[[ THE INPUT open ]]

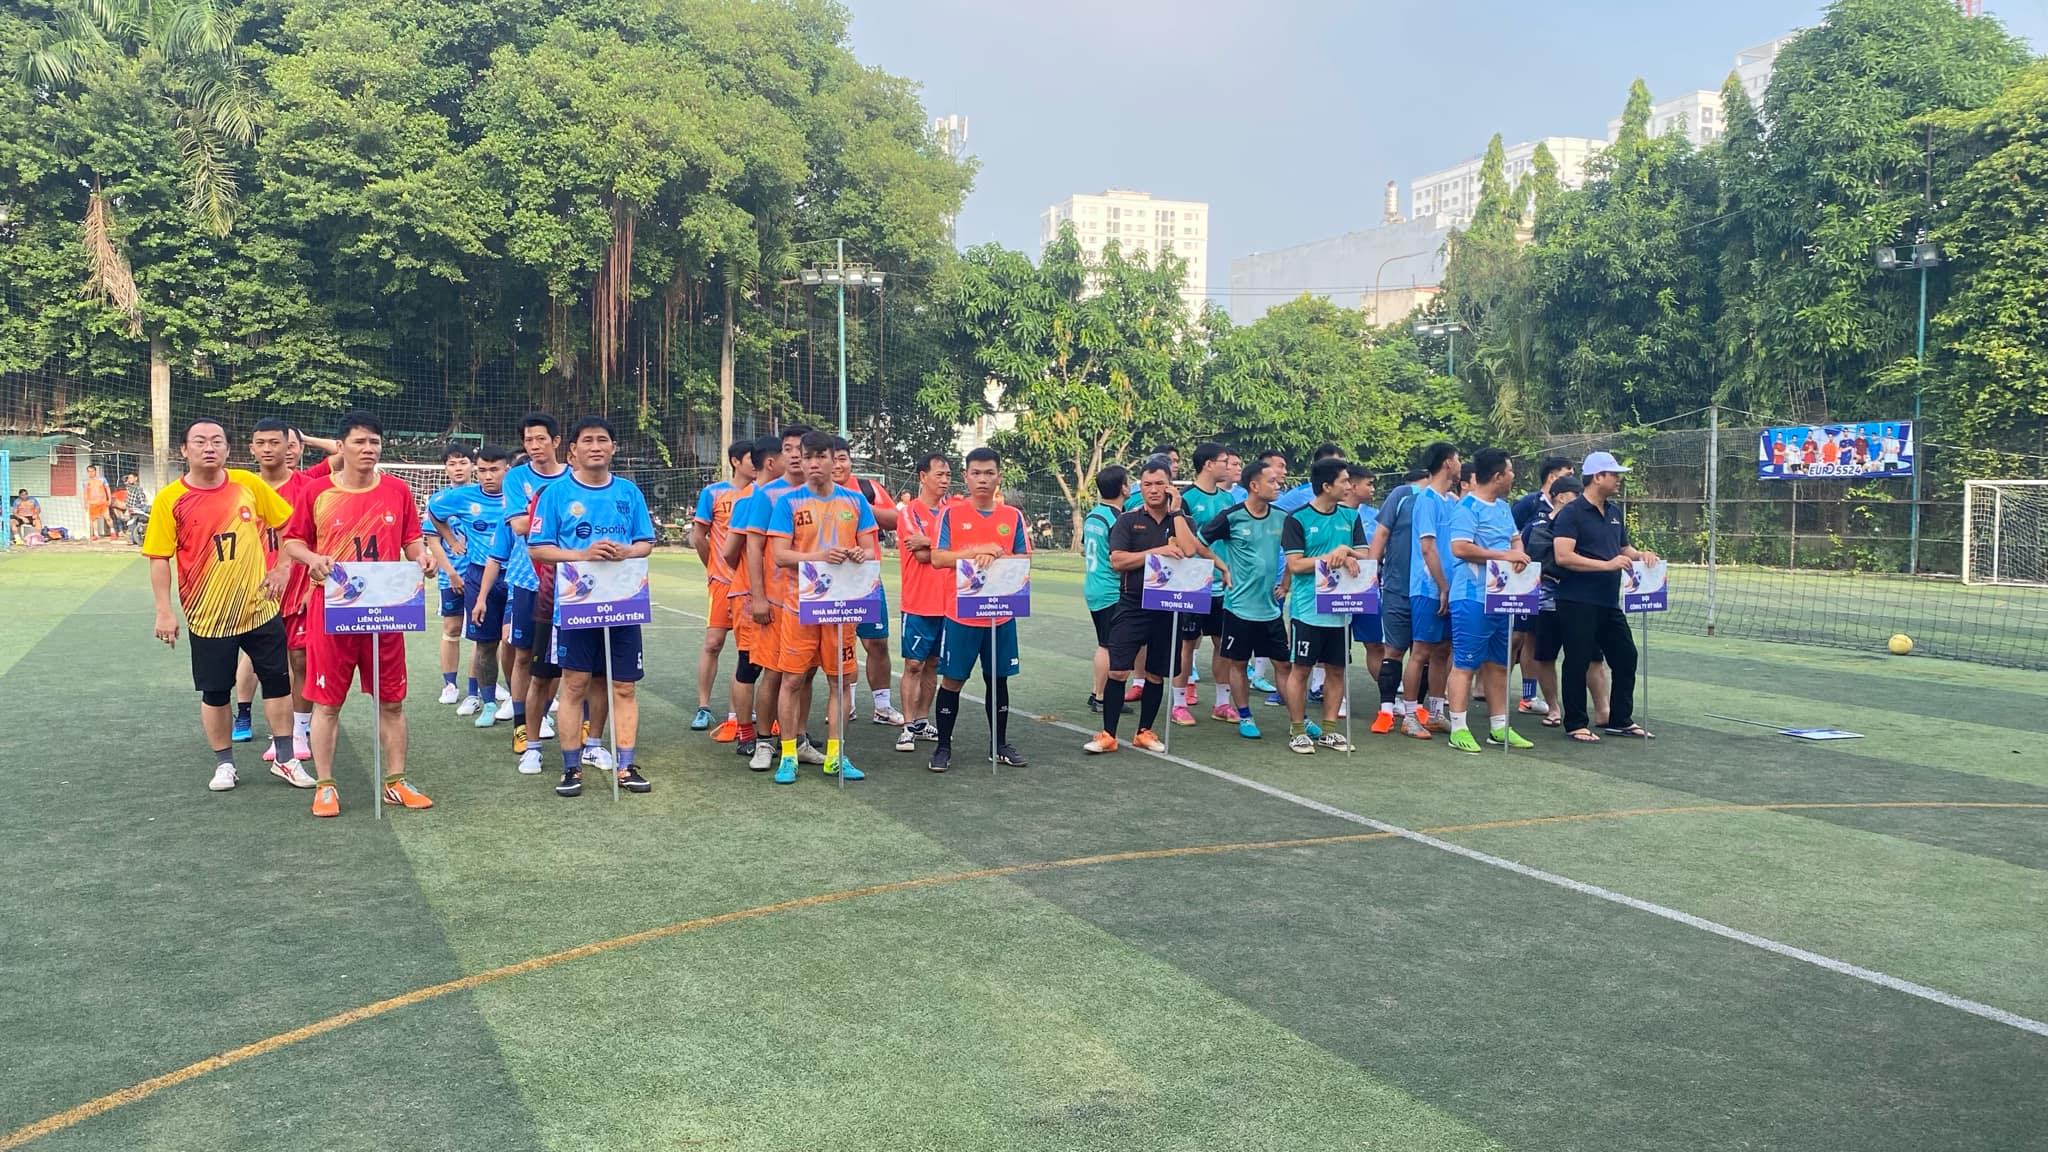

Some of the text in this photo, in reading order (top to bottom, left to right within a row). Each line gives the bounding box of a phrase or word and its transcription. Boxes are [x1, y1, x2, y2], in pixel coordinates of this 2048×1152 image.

[722, 501, 732, 513] 17
[796, 510, 813, 526] 33
[213, 532, 237, 562] 17
[354, 535, 379, 562] 14
[368, 607, 382, 615] ĐỘI
[596, 603, 613, 614] ĐỘI
[841, 608, 853, 616] LỌC
[357, 615, 373, 623] LIÊN
[567, 612, 645, 625] CÔNG TY SUỐI TIÊN
[335, 624, 350, 632] CỦA
[382, 623, 406, 631] THÀNH
[911, 635, 922, 651] 7
[1226, 635, 1235, 650] 7
[1297, 640, 1310, 657] 13
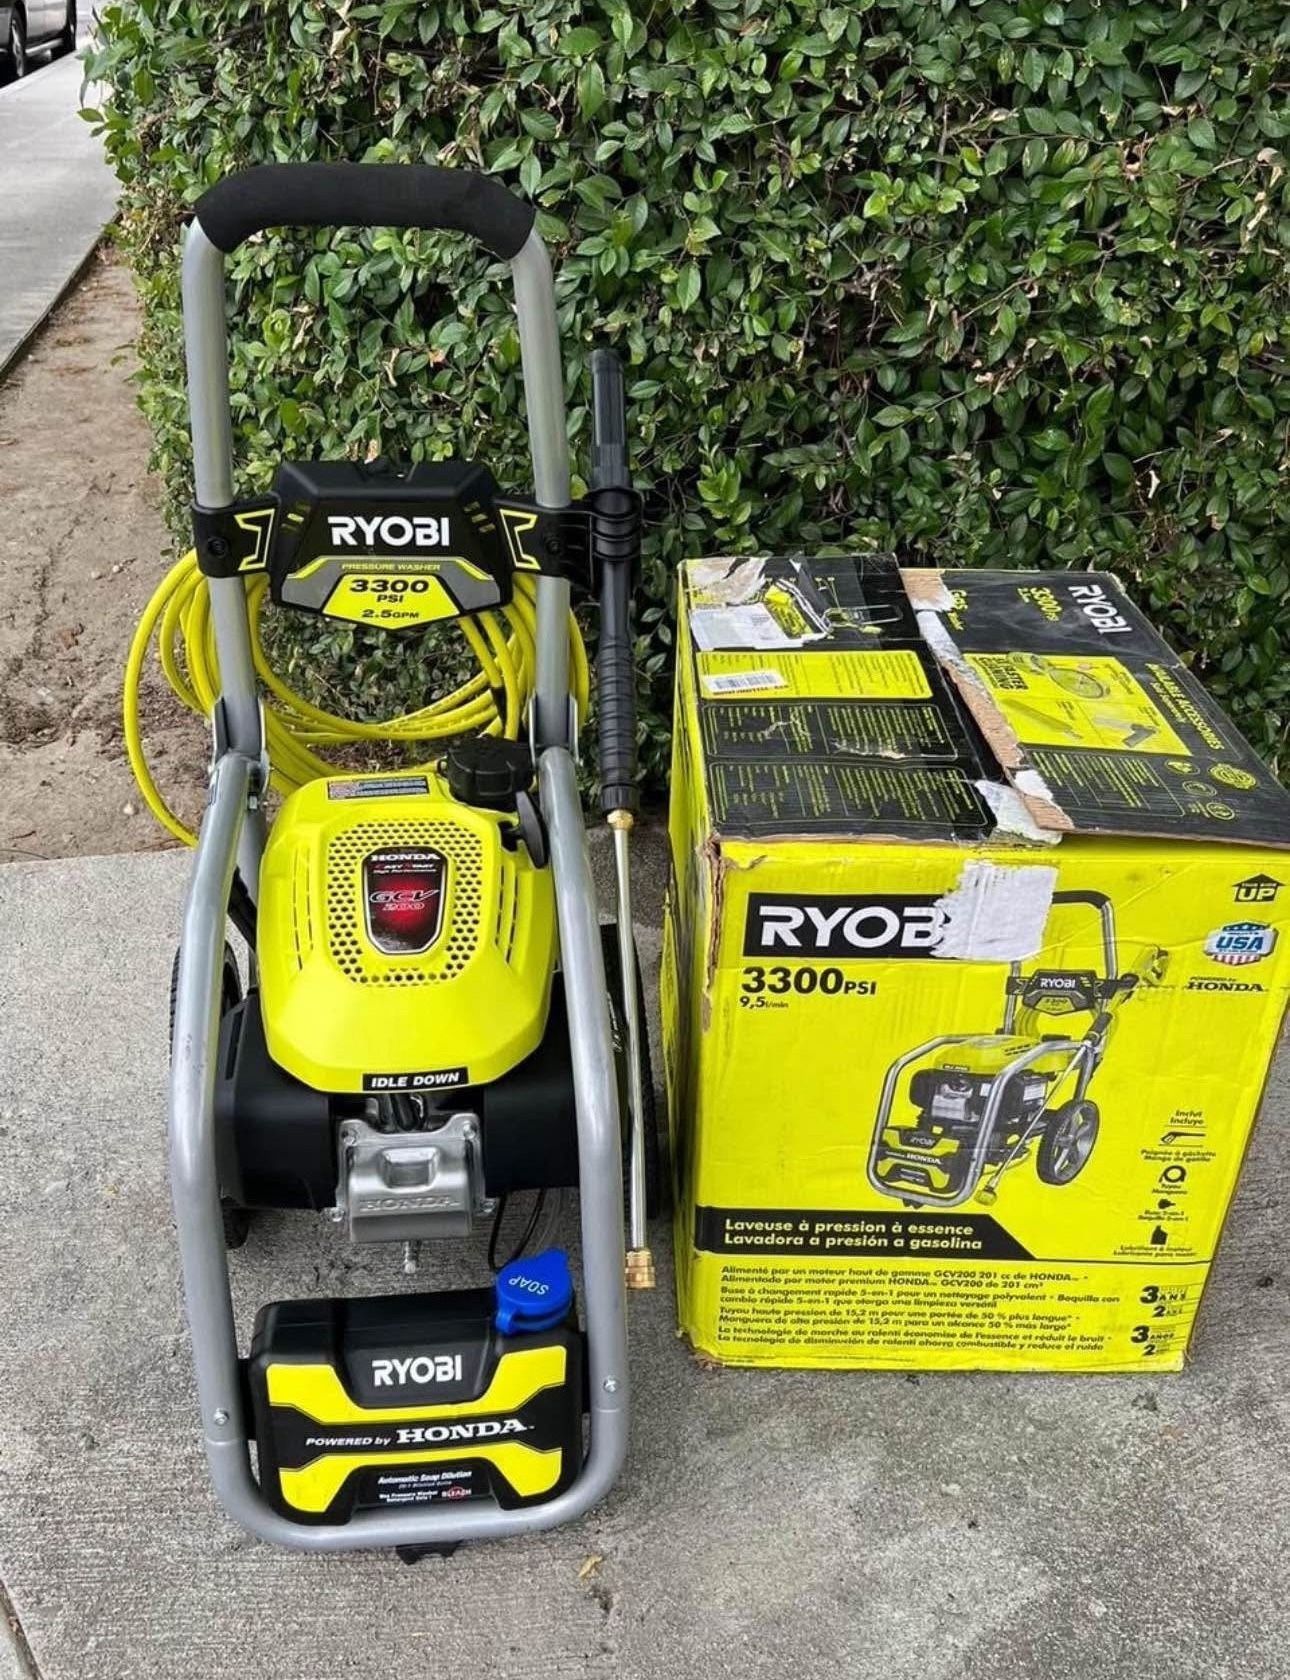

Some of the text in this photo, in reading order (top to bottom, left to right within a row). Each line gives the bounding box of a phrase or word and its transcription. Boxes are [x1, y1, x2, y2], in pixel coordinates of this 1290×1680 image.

[328, 516, 450, 546] RYOBI
[342, 563, 440, 571] PRESSURE WASHER
[350, 579, 429, 593] 3300
[377, 594, 404, 603] PSI
[362, 608, 420, 618] 2.5GPM
[1068, 585, 1132, 634] RYOBI
[371, 853, 441, 861] HONDA
[369, 889, 440, 903] GCV
[1237, 888, 1276, 901] UP
[759, 906, 945, 948] RYOB
[1216, 936, 1264, 950] USA
[1040, 979, 1076, 988] RYOBI
[1186, 981, 1265, 992] HONDA
[371, 1072, 460, 1088] IDLE DOWN
[359, 1196, 461, 1212] HONDA
[725, 1219, 974, 1236] Laveuse à pression à essence
[724, 1233, 982, 1251] Lavadora a presión a gasolina
[721, 1266, 769, 1275] Alimenté
[771, 1268, 790, 1276] par
[809, 1268, 845, 1276] moteur
[848, 1268, 872, 1276] haut
[891, 1270, 930, 1279] gamme
[934, 1270, 976, 1278] GCV200
[979, 1271, 997, 1279] 201
[1013, 1272, 1026, 1280] de
[508, 1275, 549, 1295] SOAP
[721, 1275, 781, 1284] Alimentado
[784, 1277, 801, 1286] por
[805, 1276, 836, 1285] motor
[838, 1277, 886, 1286] premium
[941, 1279, 982, 1288] GCV200
[985, 1280, 999, 1288] de
[1002, 1280, 1020, 1289] 201
[757, 1287, 822, 1297] changement
[824, 1288, 858, 1298] rapide
[860, 1289, 894, 1297] 5-en-1
[896, 1290, 920, 1299] pour
[939, 1292, 990, 1301] nettoyage
[993, 1292, 1047, 1302] polyvalent
[1140, 1285, 1159, 1304] 3
[720, 1296, 758, 1304] cambio
[760, 1296, 794, 1306] rápido
[833, 1299, 853, 1307] que
[913, 1299, 957, 1308] limpieza
[751, 1307, 781, 1316] haute
[784, 1308, 826, 1317] pression
[828, 1308, 842, 1316] de
[881, 1310, 905, 1318] pour
[965, 1312, 978, 1320] de
[981, 1312, 994, 1320] 50
[1008, 1313, 1030, 1322] plus
[1151, 1305, 1167, 1318] 2
[719, 1315, 772, 1326] Manguera
[774, 1316, 788, 1324] de
[812, 1317, 850, 1326] presión
[852, 1318, 865, 1326] de
[904, 1320, 929, 1328] para
[988, 1320, 1001, 1329] 50
[718, 1326, 731, 1334] La
[732, 1326, 792, 1336] technologie
[794, 1328, 808, 1336] de
[810, 1328, 848, 1336] marche
[1022, 1332, 1033, 1340] et
[1068, 1334, 1077, 1342] le
[1130, 1325, 1150, 1343] 3
[718, 1334, 730, 1342] La
[788, 1336, 801, 1344] de
[866, 1337, 880, 1345] de
[1027, 1342, 1062, 1350] reduce
[1064, 1342, 1074, 1350] el
[1142, 1344, 1156, 1356] 2
[371, 1355, 462, 1387] RYOBI
[306, 1437, 373, 1446] POWERED
[374, 1436, 391, 1446] by
[378, 1471, 472, 1484] Automatic Soap Dilution

[[ THE INPUT closed ]]

* _BRIEF_
Reproduce all the data as it stands. The pictures are not part of the copy.

* _SOLUTION BELOW_
Some of the text in this photo, in reading order (top to bottom, left to right within a row). Each line gives the bounding box of a phrase or word and its transcription. Boxes are [x1, y1, x2, y2], in pixel coordinates of this 2048×1152 image.

[722, 501, 732, 513] 17
[796, 510, 813, 526] 33
[213, 532, 237, 562] 17
[354, 535, 379, 562] 14
[368, 607, 382, 615] ĐỘI
[596, 603, 613, 614] ĐỘI
[841, 608, 853, 616] LỌC
[357, 615, 373, 623] LIÊN
[567, 612, 645, 625] CÔNG TY SUỐI TIÊN
[335, 624, 350, 632] CỦA
[382, 623, 406, 631] THÀNH
[911, 635, 922, 651] 7
[1226, 635, 1235, 650] 7
[1297, 640, 1310, 657] 13

Some of the text in this photo, in reading order (top to bottom, left to right within a row). Each line gives the bounding box of a phrase or word and its transcription. Boxes are [x1, y1, x2, y2], in pixel coordinates of this 1290×1680 image.

[328, 516, 450, 546] RYOBI
[342, 563, 440, 571] PRESSURE WASHER
[350, 579, 429, 593] 3300
[377, 594, 404, 603] PSI
[362, 608, 420, 618] 2.5GPM
[1068, 585, 1132, 634] RYOBI
[371, 853, 441, 861] HONDA
[369, 889, 440, 903] GCV
[1237, 888, 1276, 901] UP
[759, 906, 945, 948] RYOB
[1216, 936, 1264, 950] USA
[1040, 979, 1076, 988] RYOBI
[1186, 981, 1265, 992] HONDA
[371, 1072, 460, 1088] IDLE DOWN
[359, 1196, 461, 1212] HONDA
[725, 1219, 974, 1236] Laveuse à pression à essence
[724, 1233, 982, 1251] Lavadora a presión a gasolina
[721, 1266, 769, 1275] Alimenté
[771, 1268, 790, 1276] par
[809, 1268, 845, 1276] moteur
[848, 1268, 872, 1276] haut
[891, 1270, 930, 1279] gamme
[934, 1270, 976, 1278] GCV200
[979, 1271, 997, 1279] 201
[1013, 1272, 1026, 1280] de
[508, 1275, 549, 1295] SOAP
[721, 1275, 781, 1284] Alimentado
[784, 1277, 801, 1286] por
[805, 1276, 836, 1285] motor
[838, 1277, 886, 1286] premium
[941, 1279, 982, 1288] GCV200
[985, 1280, 999, 1288] de
[1002, 1280, 1020, 1289] 201
[757, 1287, 822, 1297] changement
[824, 1288, 858, 1298] rapide
[860, 1289, 894, 1297] 5-en-1
[896, 1290, 920, 1299] pour
[939, 1292, 990, 1301] nettoyage
[993, 1292, 1047, 1302] polyvalent
[1140, 1285, 1159, 1304] 3
[720, 1296, 758, 1304] cambio
[760, 1296, 794, 1306] rápido
[833, 1299, 853, 1307] que
[913, 1299, 957, 1308] limpieza
[751, 1307, 781, 1316] haute
[784, 1308, 826, 1317] pression
[828, 1308, 842, 1316] de
[881, 1310, 905, 1318] pour
[965, 1312, 978, 1320] de
[981, 1312, 994, 1320] 50
[1008, 1313, 1030, 1322] plus
[1151, 1305, 1167, 1318] 2
[719, 1315, 772, 1326] Manguera
[774, 1316, 788, 1324] de
[812, 1317, 850, 1326] presión
[852, 1318, 865, 1326] de
[904, 1320, 929, 1328] para
[988, 1320, 1001, 1329] 50
[718, 1326, 731, 1334] La
[732, 1326, 792, 1336] technologie
[794, 1328, 808, 1336] de
[810, 1328, 848, 1336] marche
[1022, 1332, 1033, 1340] et
[1068, 1334, 1077, 1342] le
[1130, 1325, 1150, 1343] 3
[718, 1334, 730, 1342] La
[788, 1336, 801, 1344] de
[866, 1337, 880, 1345] de
[1027, 1342, 1062, 1350] reduce
[1064, 1342, 1074, 1350] el
[1142, 1344, 1156, 1356] 2
[371, 1355, 462, 1387] RYOBI
[306, 1437, 373, 1446] POWERED
[374, 1436, 391, 1446] by
[378, 1471, 472, 1484] Automatic Soap Dilution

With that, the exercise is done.